(Records shown)
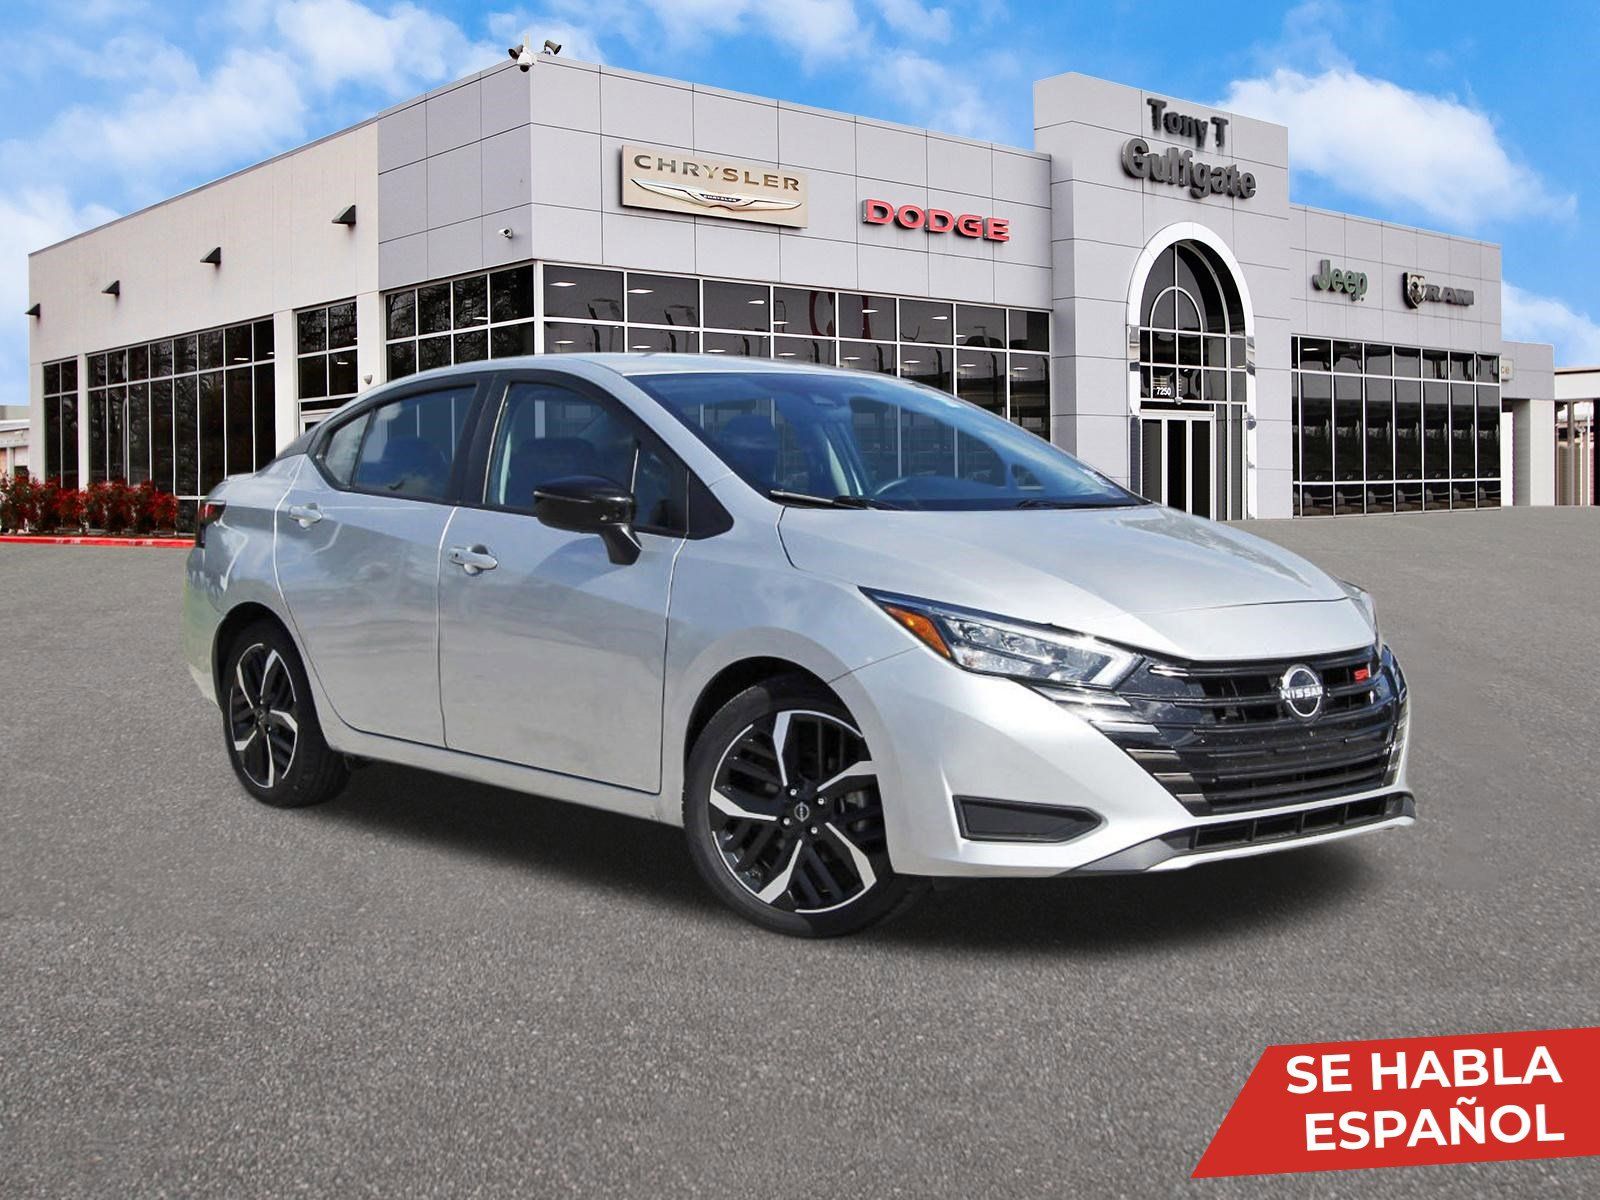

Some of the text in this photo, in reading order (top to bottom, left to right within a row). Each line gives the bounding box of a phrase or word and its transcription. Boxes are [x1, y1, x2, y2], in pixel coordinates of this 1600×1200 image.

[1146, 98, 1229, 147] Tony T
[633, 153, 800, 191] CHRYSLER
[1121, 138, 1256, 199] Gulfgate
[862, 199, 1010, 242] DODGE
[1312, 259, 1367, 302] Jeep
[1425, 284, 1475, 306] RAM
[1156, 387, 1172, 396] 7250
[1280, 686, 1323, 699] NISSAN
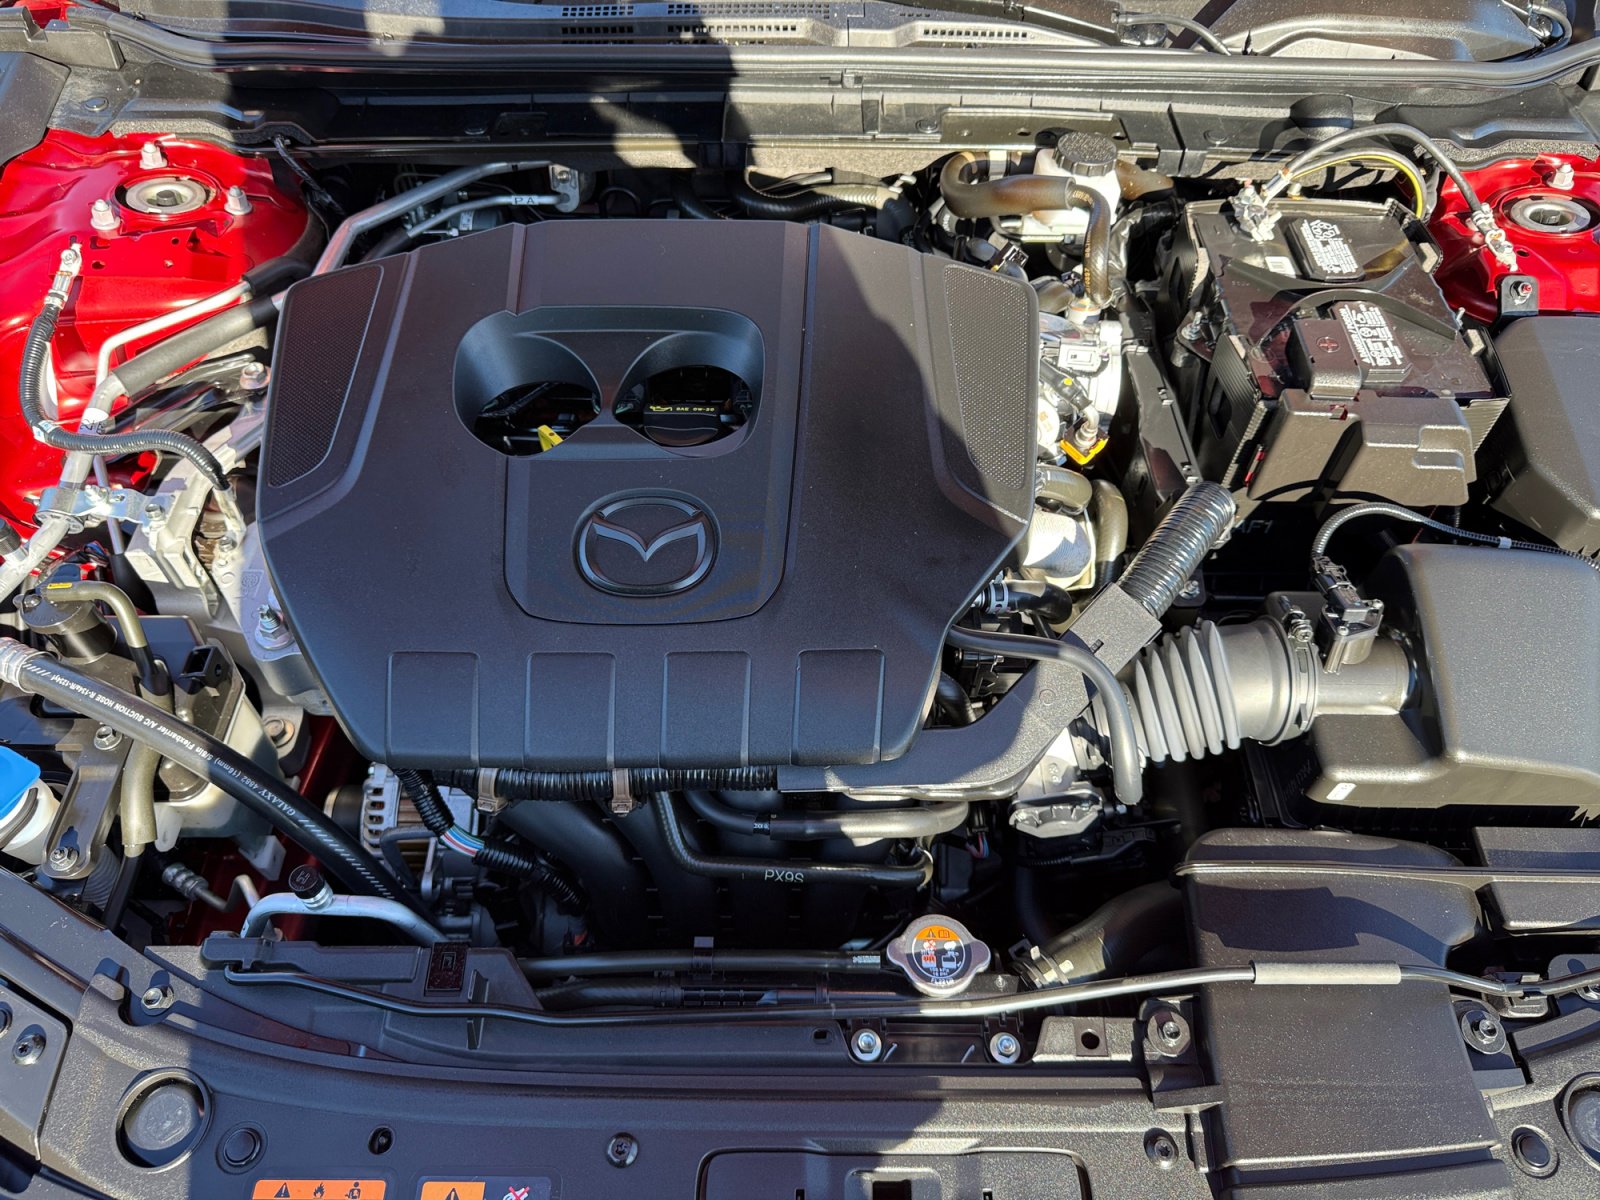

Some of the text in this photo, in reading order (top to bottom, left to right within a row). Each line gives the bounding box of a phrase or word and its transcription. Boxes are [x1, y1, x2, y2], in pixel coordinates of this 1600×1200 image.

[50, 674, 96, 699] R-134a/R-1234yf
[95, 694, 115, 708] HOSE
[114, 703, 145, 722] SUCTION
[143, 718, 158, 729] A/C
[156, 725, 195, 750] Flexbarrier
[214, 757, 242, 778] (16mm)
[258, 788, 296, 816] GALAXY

(Task brief)
Omit the pictures, and quote the material above exactly as given.

(Solution below)
Some of the text in this photo, in reading order (top to bottom, left to right within a row). Each line gives the bounding box of a phrase or word and its transcription. Boxes are [x1, y1, x2, y2], in pixel coordinates of this 1600×1200 image.

[1146, 98, 1229, 147] Tony T
[633, 153, 800, 191] CHRYSLER
[1121, 138, 1256, 199] Gulfgate
[862, 199, 1010, 242] DODGE
[1312, 259, 1367, 302] Jeep
[1425, 284, 1475, 306] RAM
[1156, 387, 1172, 396] 7250
[1280, 686, 1323, 699] NISSAN

Some of the text in this photo, in reading order (top to bottom, left to right within a row). Each line gives the bounding box of a phrase or word and its transcription. Boxes are [x1, y1, x2, y2], in pixel coordinates of this 1600×1200 image.

[50, 674, 96, 699] R-134a/R-1234yf
[95, 694, 115, 708] HOSE
[114, 703, 145, 722] SUCTION
[143, 718, 158, 729] A/C
[156, 725, 195, 750] Flexbarrier
[214, 757, 242, 778] (16mm)
[258, 788, 296, 816] GALAXY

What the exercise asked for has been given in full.